Similarly, it will be difficult for the other side to assail the president for simultaneously raising the military budget a little—and restraining it a lot. He will trim or cancel a number of weapons systems; but it’s Robert Gates, the Bush Defense Secretary who Obama shrewdly persuaded to stay, who’s presiding over this change. Obama has bluntly announced: “We’re not paying for cold war-era weapons we don’t use.”

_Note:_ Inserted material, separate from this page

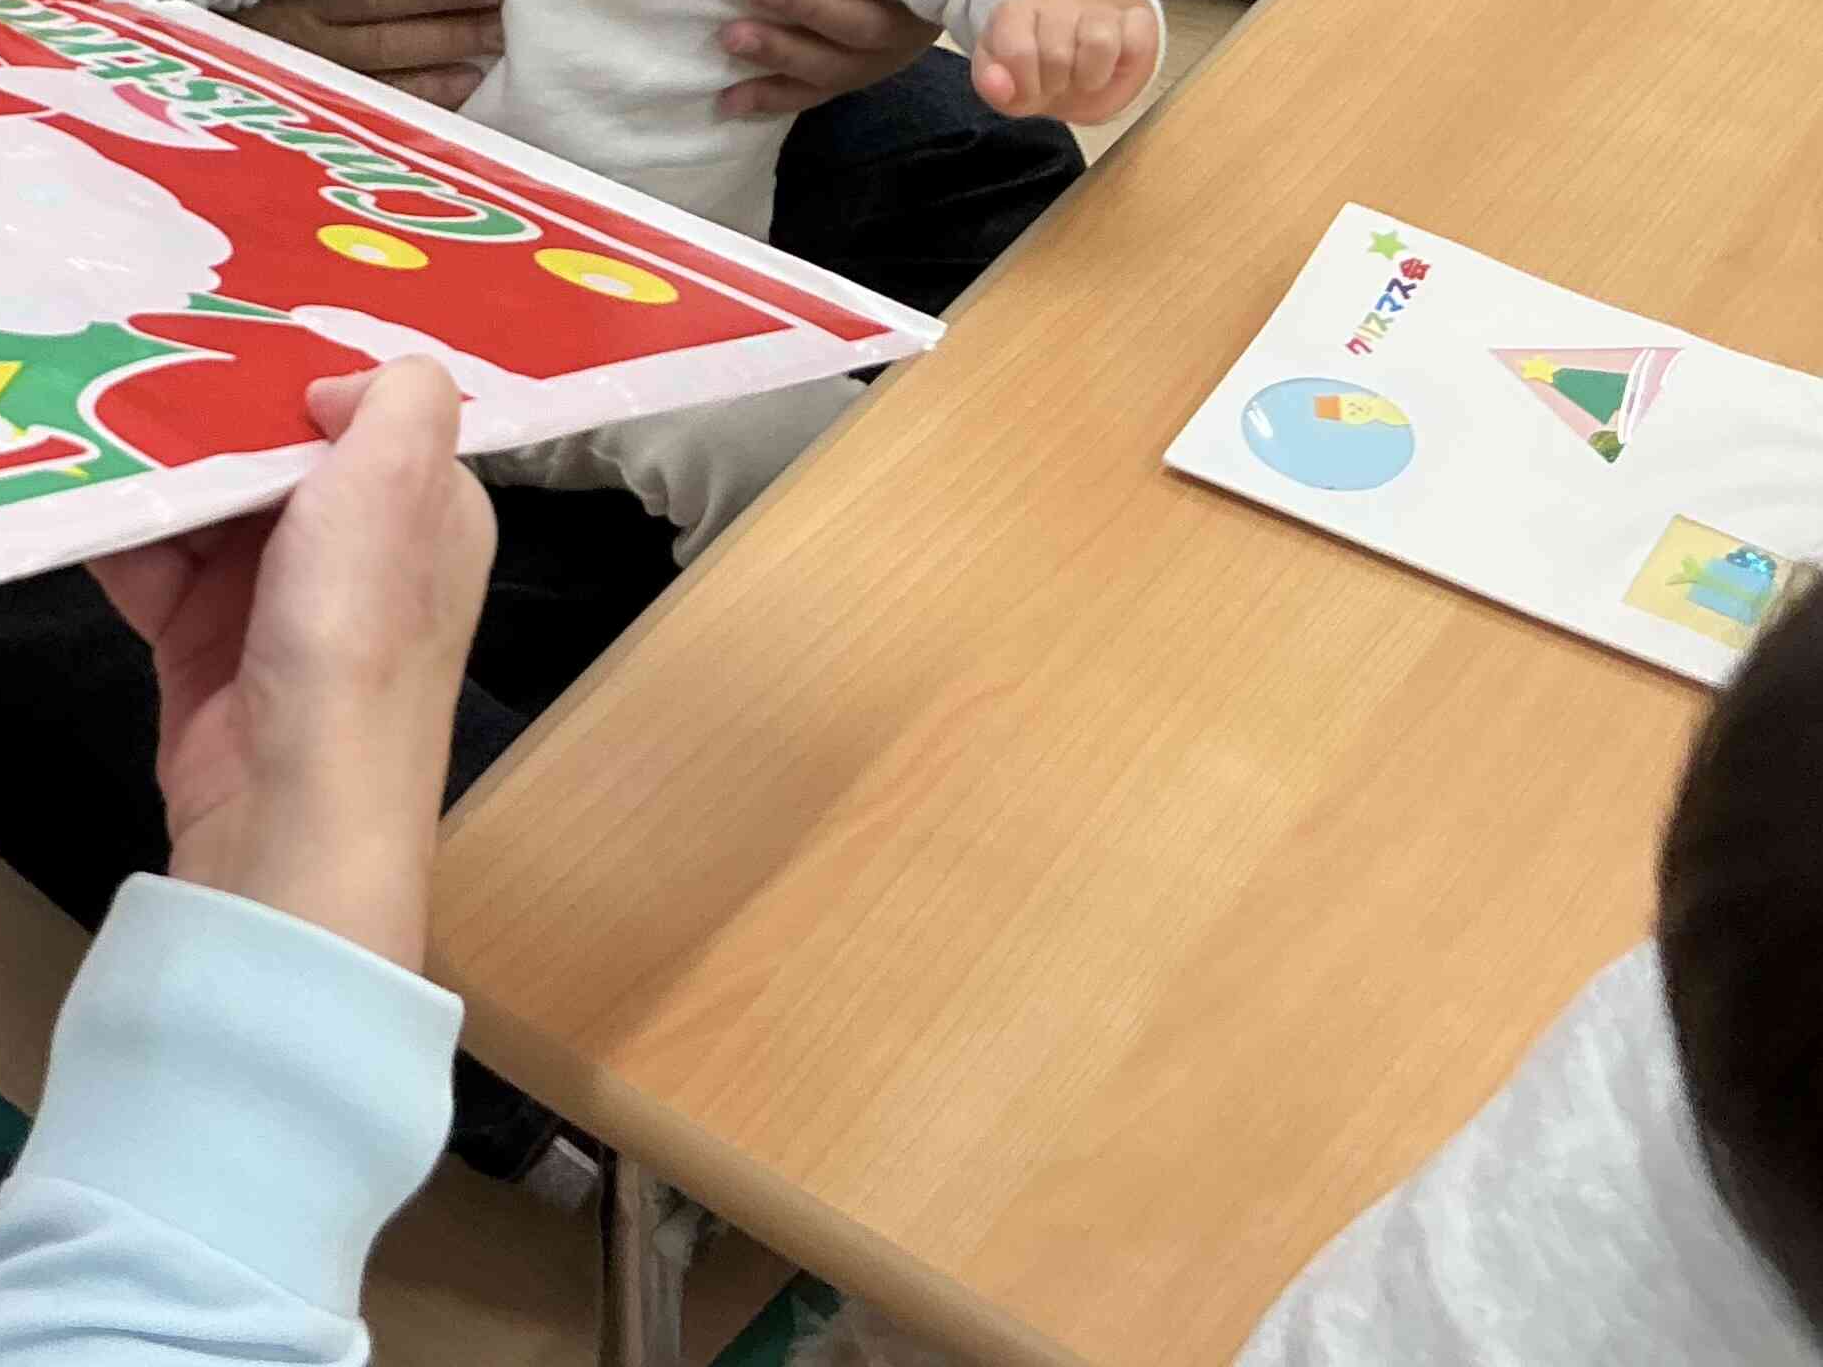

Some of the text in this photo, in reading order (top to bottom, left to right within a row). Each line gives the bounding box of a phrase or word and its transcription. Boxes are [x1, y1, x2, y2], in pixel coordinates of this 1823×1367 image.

[1345, 257, 1431, 355] クリスマス会

Obama will have to deal with some members of his own party who don’t like his plan to limit farm subsidies to agribusiness. And there’s even one Democratic Governor, Phil Bredesen of Tennessee, who’s joined a few Neanderthals on the other side in saying he may turn down some stimulus funds for extended unemployment compensation. Bredesen is a very wealthy man who doesn’t take a salary as Governor; maybe he thinks other people don’t need one either.
On the whole, however, Democrats in Congress have been remarkably united so far. If they stay that way, the Republicans may jeer and the Limbaughs may sneer and smear—but it won’t matter. Today, it’s the Obama Revolution. By 2012, it will be Obama’s Morning in America.